A brief survey of a few of the jurisdictions that have previously recognized the tort of spoliation of evidence as an independent cause of action is relevant to our analysis. The California Court of Appeal for the Second District was the first court to adopt spoliation of evidence as an independent tort. See Smith v. Superior Court (Cal. Ct. App. 1984), 198 Cal. Rptr. 829, 837.

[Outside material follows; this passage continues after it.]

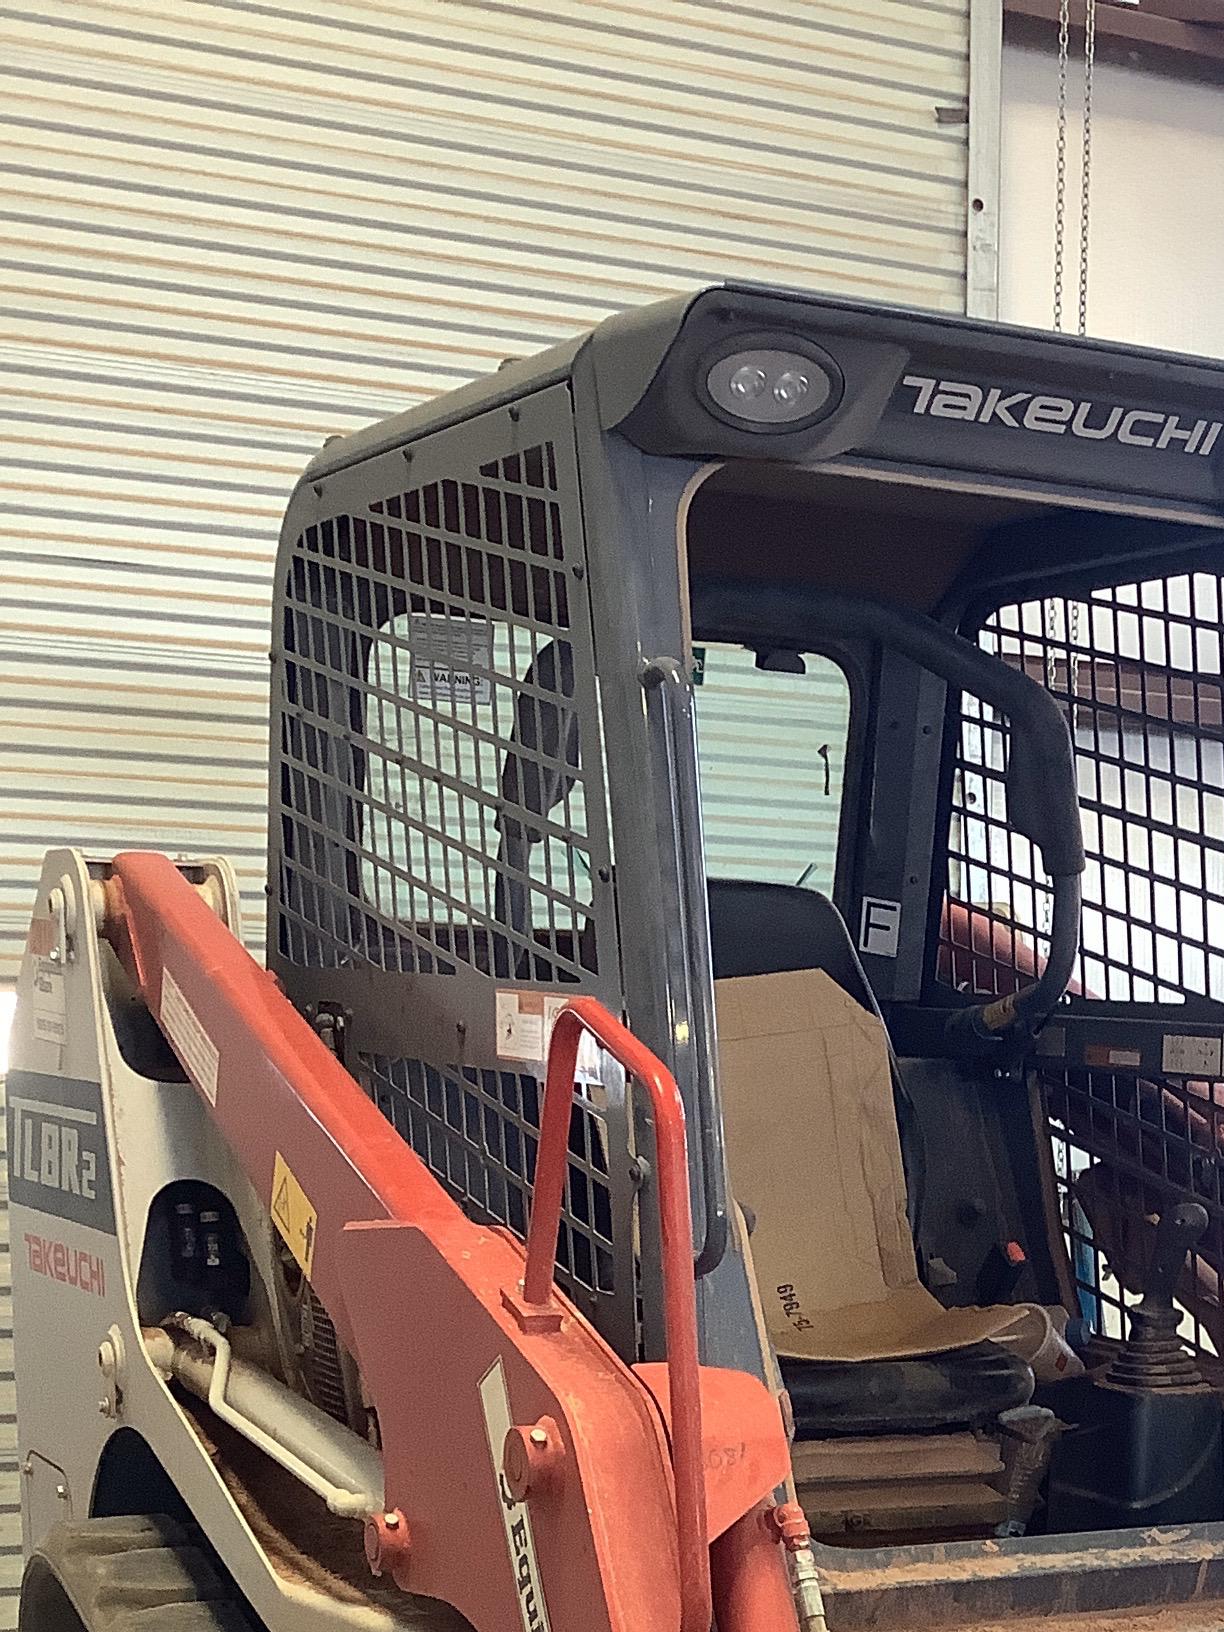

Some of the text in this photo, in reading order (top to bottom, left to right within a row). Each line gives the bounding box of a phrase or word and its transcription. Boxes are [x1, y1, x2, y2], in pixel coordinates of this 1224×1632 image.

[902, 375, 1224, 456] TAKEUCHI
[863, 901, 897, 947] F
[23, 1231, 107, 1298] TAKEUCHI
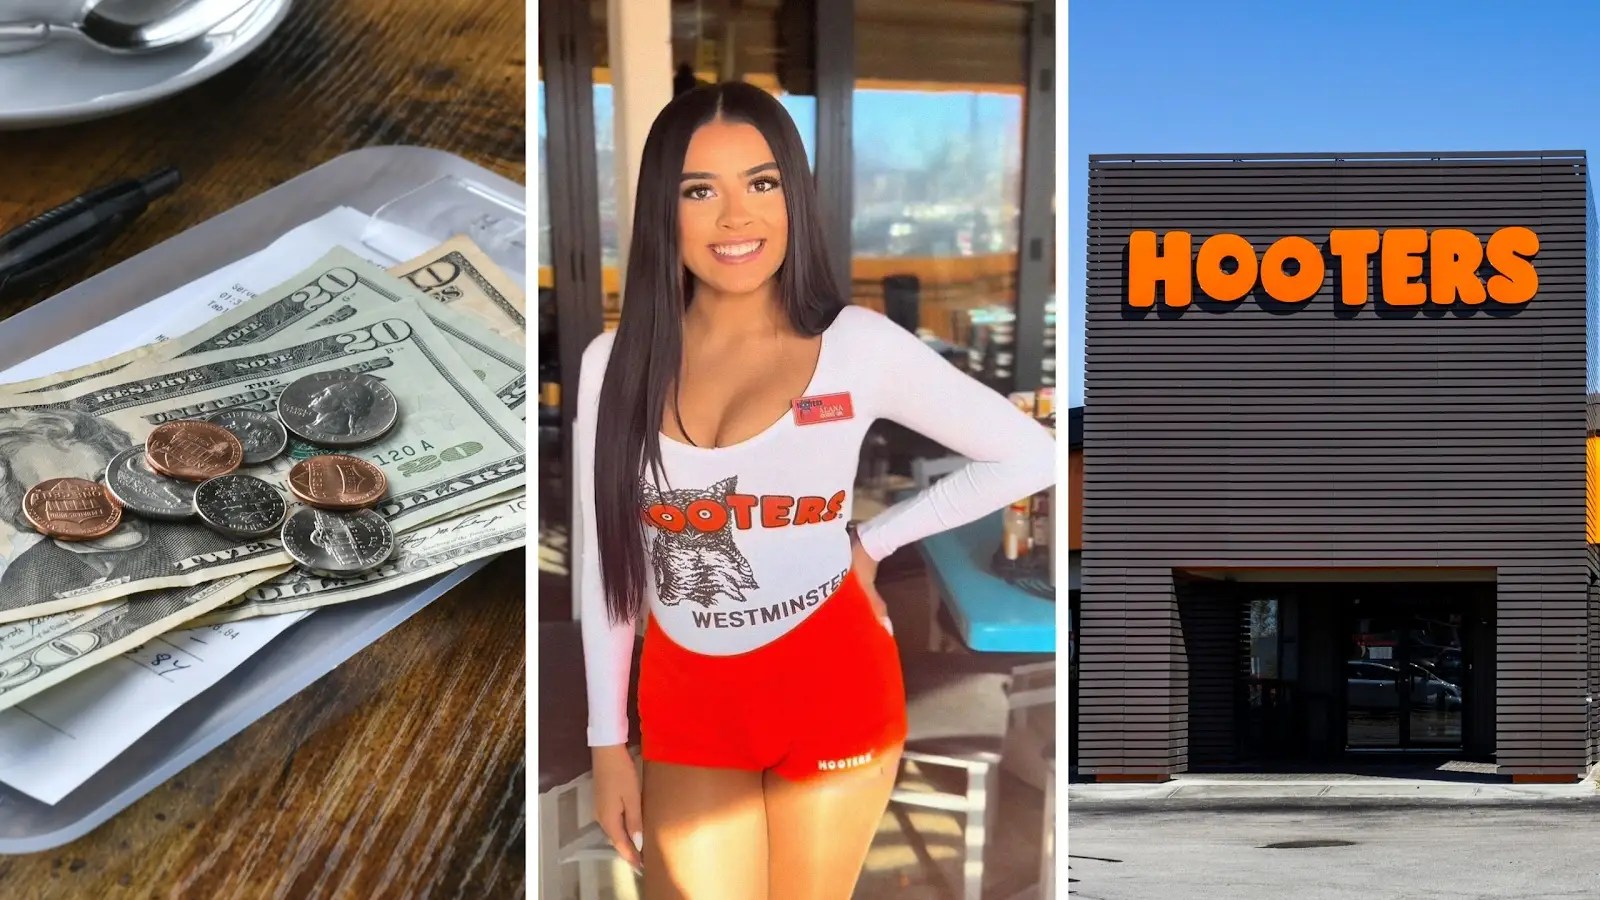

In that case, the plaintiff was injured when a wheel and tire flew off an oncoming van and smashed into the windshield of her car. After the accident, the van had been towed for repairs to the dealership that had originally installed the van's customized wheels. The dealership agreed to maintain certain parts pending further investigation by plaintiff's counsel. However, some time thereafter, the dealership destroyed, lost, or transferred the physical evidence. See Smith, 198 Cal. Rptr. at 831. In determining whether to recognize a new tort for the intentional spoliation of evidence, the court focused on the evolving nature of tort law. Relying on the basic premise that "for every wrong there is a remedy," the court established the tort of intentional spoliation of evidence as an independent cause of action. See Smith, 198 Cal. Rptr. at 832. In doing so, the court acknowledged that the extent and amount of damages in a spoliation case are highly speculative. See Smith, 198 Cal. Rptr. at 835-36. Finally, the court analogized the new tort of spoliation to the tort of interference with prospective business advantage already recognized by the State of California. The court concluded that a prospective civil action is a valuable probable expectancy that public policy dictates the court must protect from interference even though damages cannot be stated with certainty. See Smith, 198 Cal. Rptr. at 836-37. In addition, the court referenced the California Supreme Court decision of Williams v. State of California (Cal. 1983), 664 P.2d 137, issued the previous year, which implied that a cause of action for negligent spoliation of evidence might be established if the spoliator were under a duty to preserve the evidence. See Smith, 198 Cal. Rptr. at 833; see also Rubin, 51 Fla. L. Rev. at 349-50.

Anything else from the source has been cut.